多数のリソソーム蓄積症酵素が特定され、それらのそれぞれの疾患と関連付けられている。いったん、欠けているまたは不足している酵素が特定されると、治療は、代わりの酵素を患者の冒された組織に効果的に送達する問題に注力することができる。ハンター症候群またはムコ多糖症ＩＩ型（ＭＰＳ ＩＩ型）は、イズロン酸−２−スルファターゼ（Ｉ２ＳまたはＩＤＳ）の不足によって引き起こされるリソソーム蓄積症（ＬＳＤ）である。Ｉ２Ｓは、ムコ多糖の代謝を担うリソソーム酵素である。酵素活性の不足は、究極的には様々な病理につながり、早期死亡をもたらす。組換えＩ２Ｓ（Ｅｌａｐｒａｓｅ（登録商標））による酵素補充療法（ＥＲＴ）は、末梢の症状を治療することはできるが、酵素は血液脳関門（ＢＢＢ）を越えられないため、患者は結局は認知症を患うことになる。

静脈内酵素補充療法（ＥＲＴ）は、ＭＰＳ ＩＩ型等のＬＳＤにとって有益であり得る。しかしながら、そのような疾患においてリソソームへの治療用酵素の送達を増進するための手段は、低減されたコスト及び増加した治療効果という点から有利である。

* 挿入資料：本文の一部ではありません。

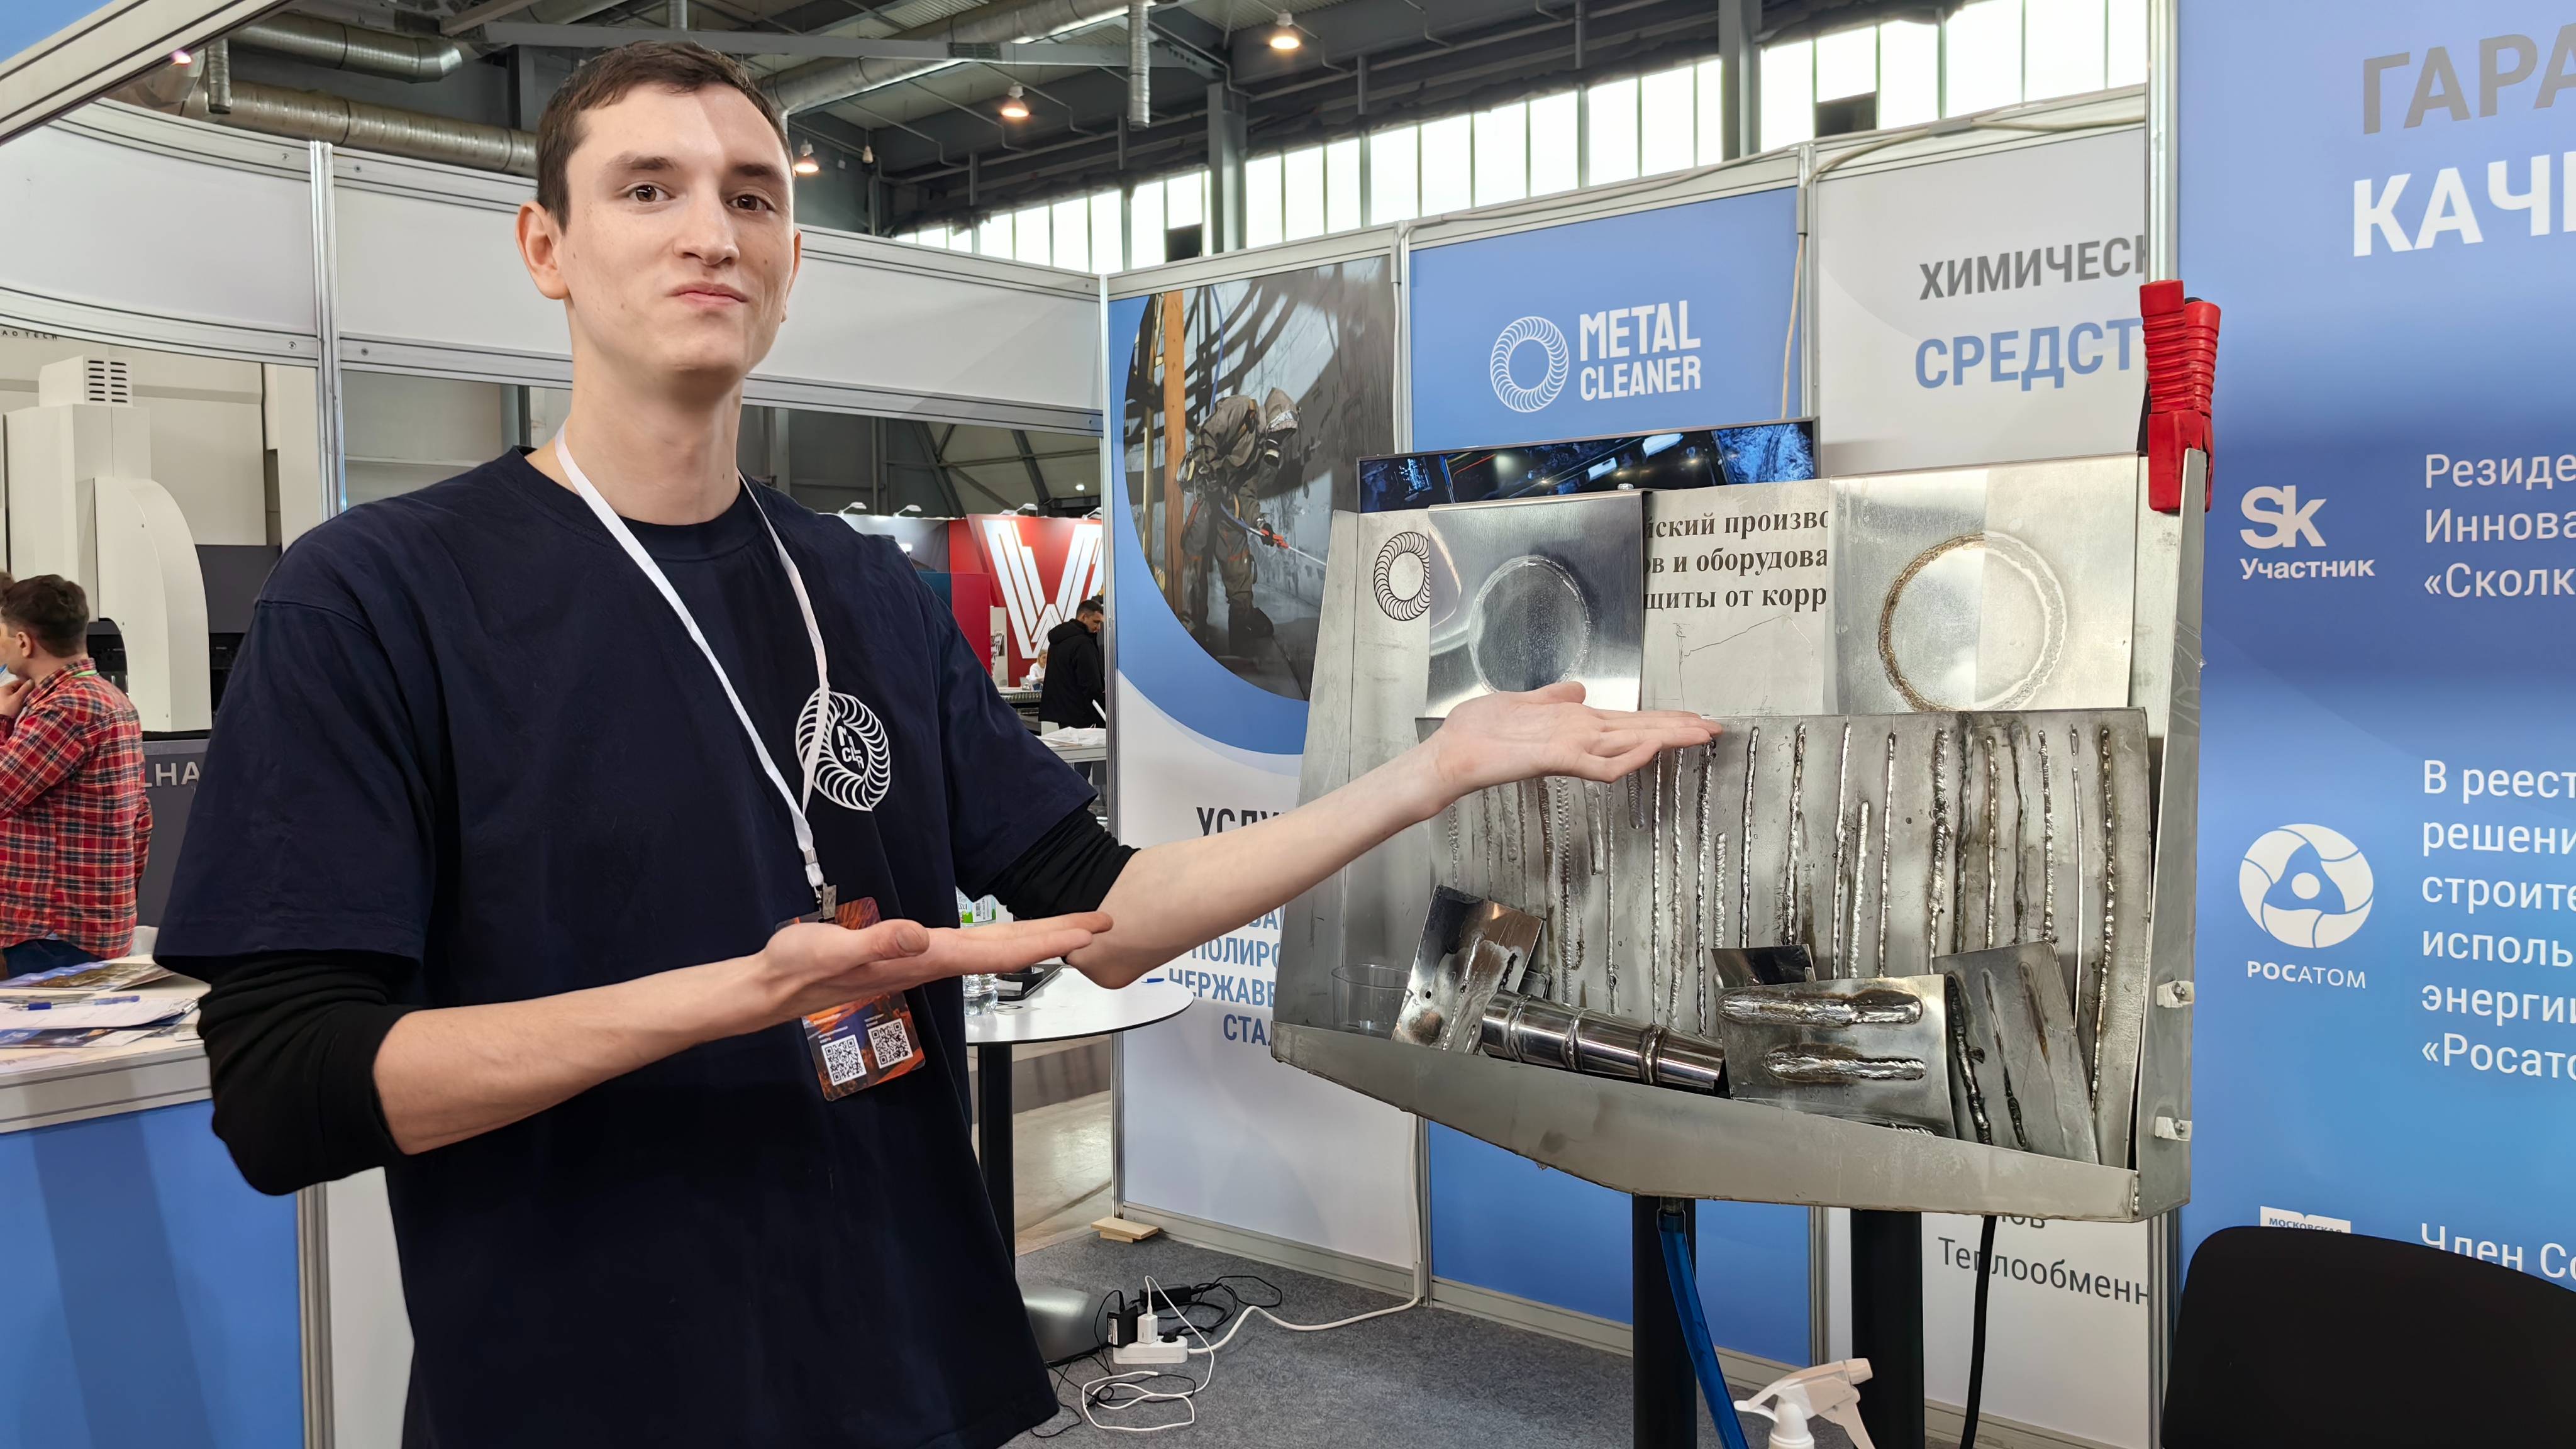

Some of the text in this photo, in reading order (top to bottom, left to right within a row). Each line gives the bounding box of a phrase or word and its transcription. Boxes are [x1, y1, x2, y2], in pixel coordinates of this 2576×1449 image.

[1579, 300, 1701, 362] METAL
[1916, 317, 2143, 391] СРЕДСТ
[1580, 355, 1701, 401] CLEANER
[2426, 453, 2576, 490] Резиде
[2240, 485, 2327, 549] Sk
[1673, 556, 1688, 572] и
[2240, 558, 2376, 580] Участник
[2424, 563, 2576, 598] «Сколк
[1725, 590, 1754, 608] от
[1761, 587, 1827, 613] корр
[2424, 760, 2447, 794] В
[2423, 930, 2573, 967] исполь
[2247, 960, 2367, 989] РОСАТОМ
[2422, 984, 2576, 1026] энерги
[1223, 1014, 1271, 1046] СТА
[2421, 1223, 2523, 1272] Член

１つの問題として、血液脳関門（ＢＢＢ）が、血液から脳への多くの薬剤の自由な移送を遮断する。この理由のために、有意な神経学的態様を呈するＬＳＤは、静脈内ＥＲＴに対して応答性であることは予期されない。そのような疾患のために、ＢＢＢを越え、かつ冒された細胞のリソソーム内への酵素の送達を改善する方法が、非常に望ましい。

本発明の実施形態は、ｐ９７ポリペプチドに融合したイズロン酸−２−スルファターゼ（ＩＤＳまたはＩ２Ｓ）ポリペプチドと、それらの間の任意選択のペプチドリンカー（Ｌ）とを含む、ｐ９７（メラノトランスフェリンまたはＭＴｆ）融合タンパク質を含む。

一部の実施形態において、ＩＤＳポリペプチドは、ｐ９７ポリペプチドのＮ末端に融合している。ある特定の実施形態において、ＩＤＳポリペプチドは、ｐ９７ポリペプチドのＣ末端に融合している。

ある特定の融合タンパク質は、間にペプチドリンカーを含む。ある特定の実施形態において、ペプチドリンカーは、剛性リンカー、可動性リンカー、及び酵素的に切断可能なリンカーのうちの１つ以上から選択される。ある特定の実施形態において、ペプチドリンカーは、配列ＥＡＡＡＫＥＡＡＡＫＥＡＡＡＫ（配列番号３８）等の配列（ＥＡＡＡＫ）_１〜３（配列番号３６〜３８）を任意選択で含む剛性リンカーである。一部の実施形態において、ペプチドリンカーは、可動性リンカーである。ある特定の実施形態において、ペプチドリンカーは、酵素的に切断可能なリンカーである。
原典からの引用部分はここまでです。